WORK ORDER
Return every entry exactly as written, with the pictures removed.

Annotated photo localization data
============
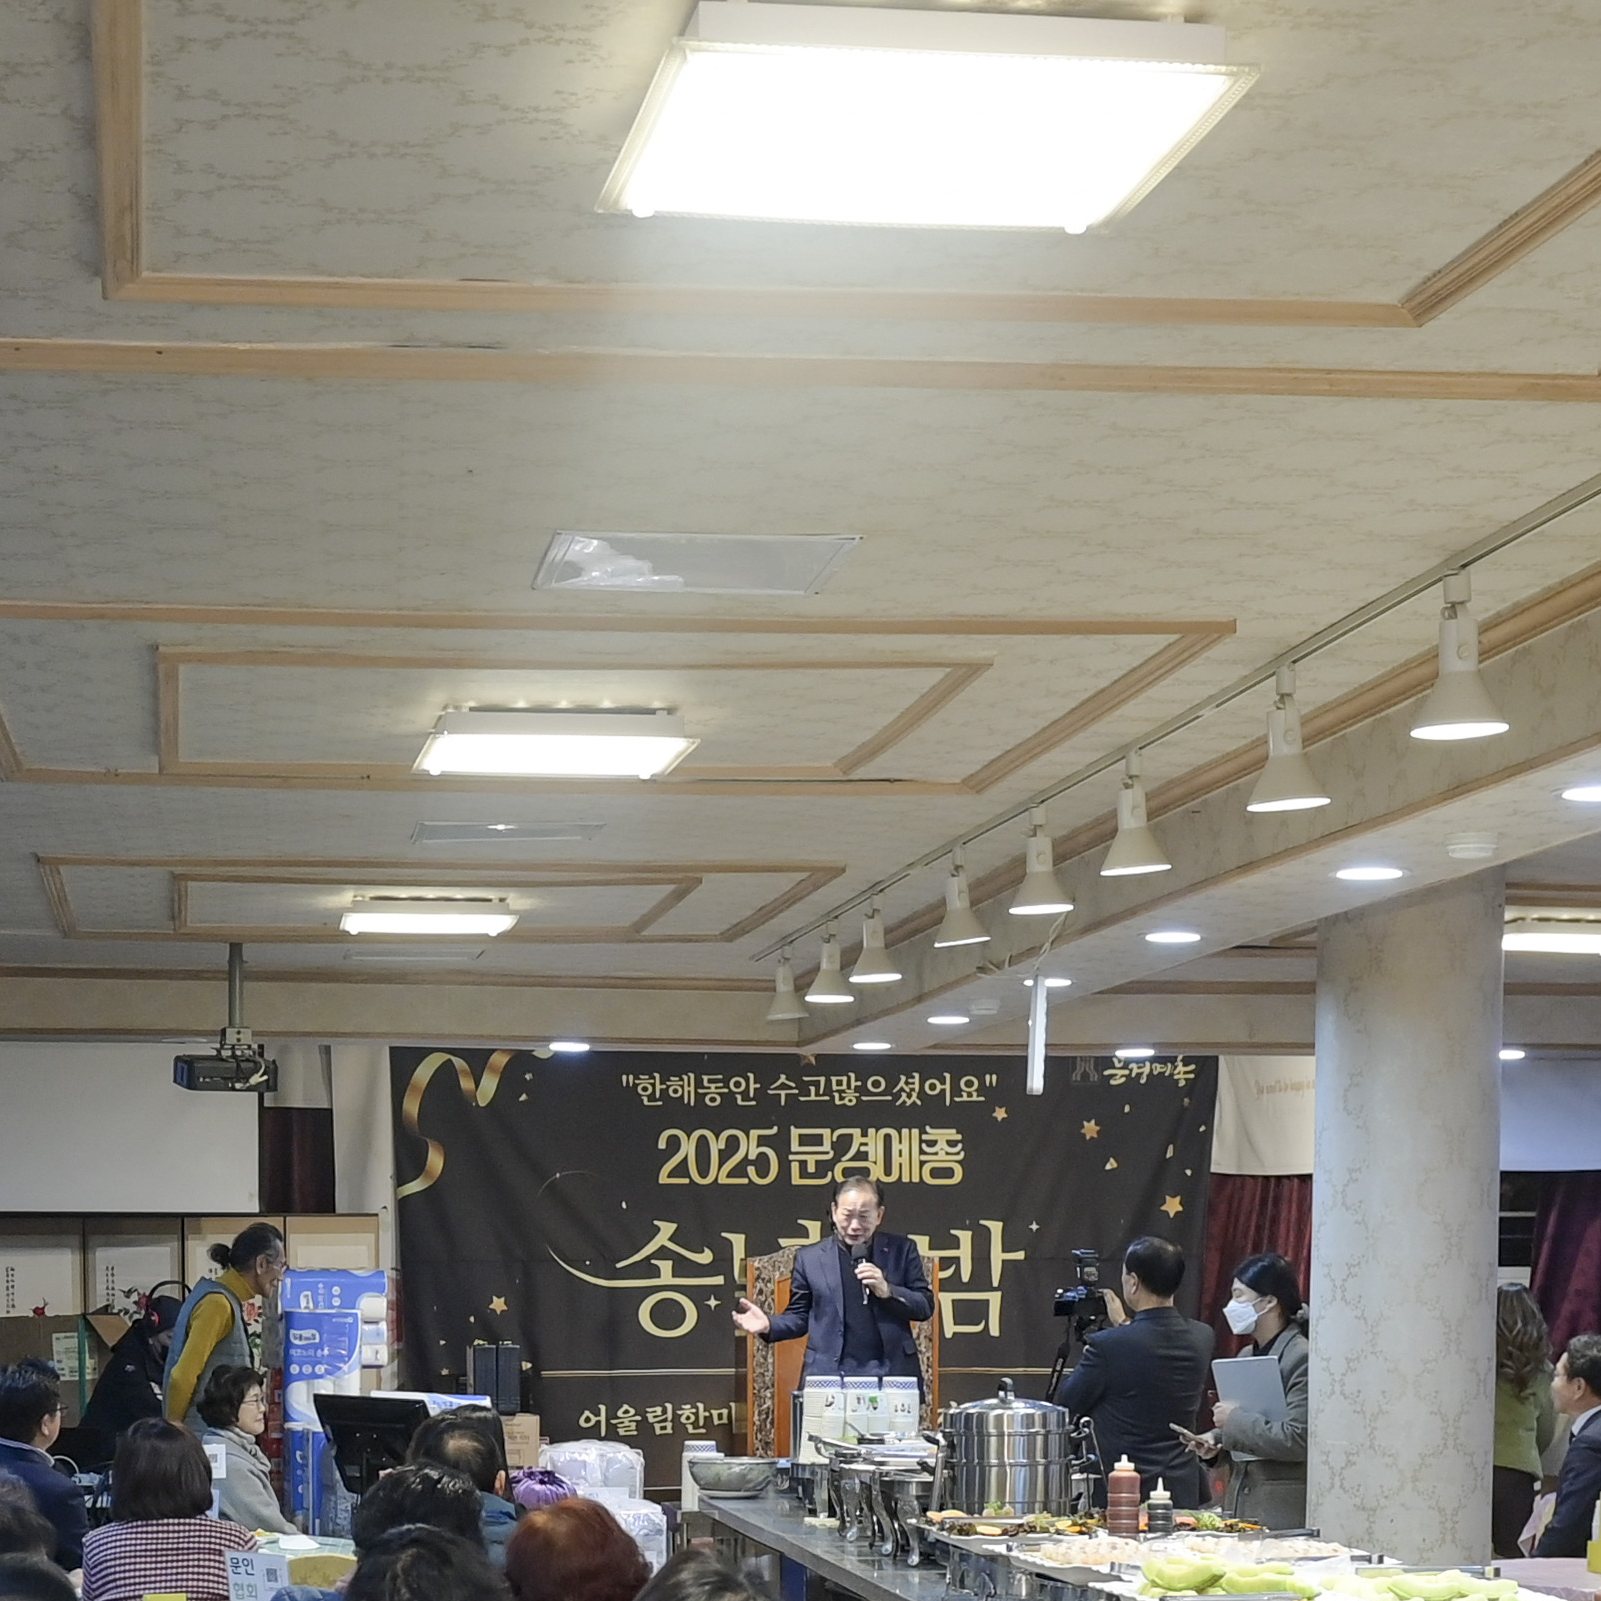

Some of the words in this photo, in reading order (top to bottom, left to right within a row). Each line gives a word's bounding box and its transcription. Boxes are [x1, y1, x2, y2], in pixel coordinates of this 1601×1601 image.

[621, 1072, 760, 1106] "한해동안
[767, 1073, 997, 1106] 수고많으셨어요"
[657, 1125, 779, 1185] 2025
[789, 1124, 965, 1185] 문경예총
[229, 1556, 255, 1576] 문인
[233, 1582, 258, 1600] 협회
============
FINISHED EXERCISE
Some of the words in this photo, in reading order (top to bottom, left to right within a row). Each line gives a word's bounding box and its transcription. Boxes are [x1, y1, x2, y2], in pixel coordinates of this 1601×1601 image.

[621, 1072, 760, 1106] "한해동안
[767, 1073, 997, 1106] 수고많으셨어요"
[657, 1125, 779, 1185] 2025
[789, 1124, 965, 1185] 문경예총
[229, 1556, 255, 1576] 문인
[233, 1582, 258, 1600] 협회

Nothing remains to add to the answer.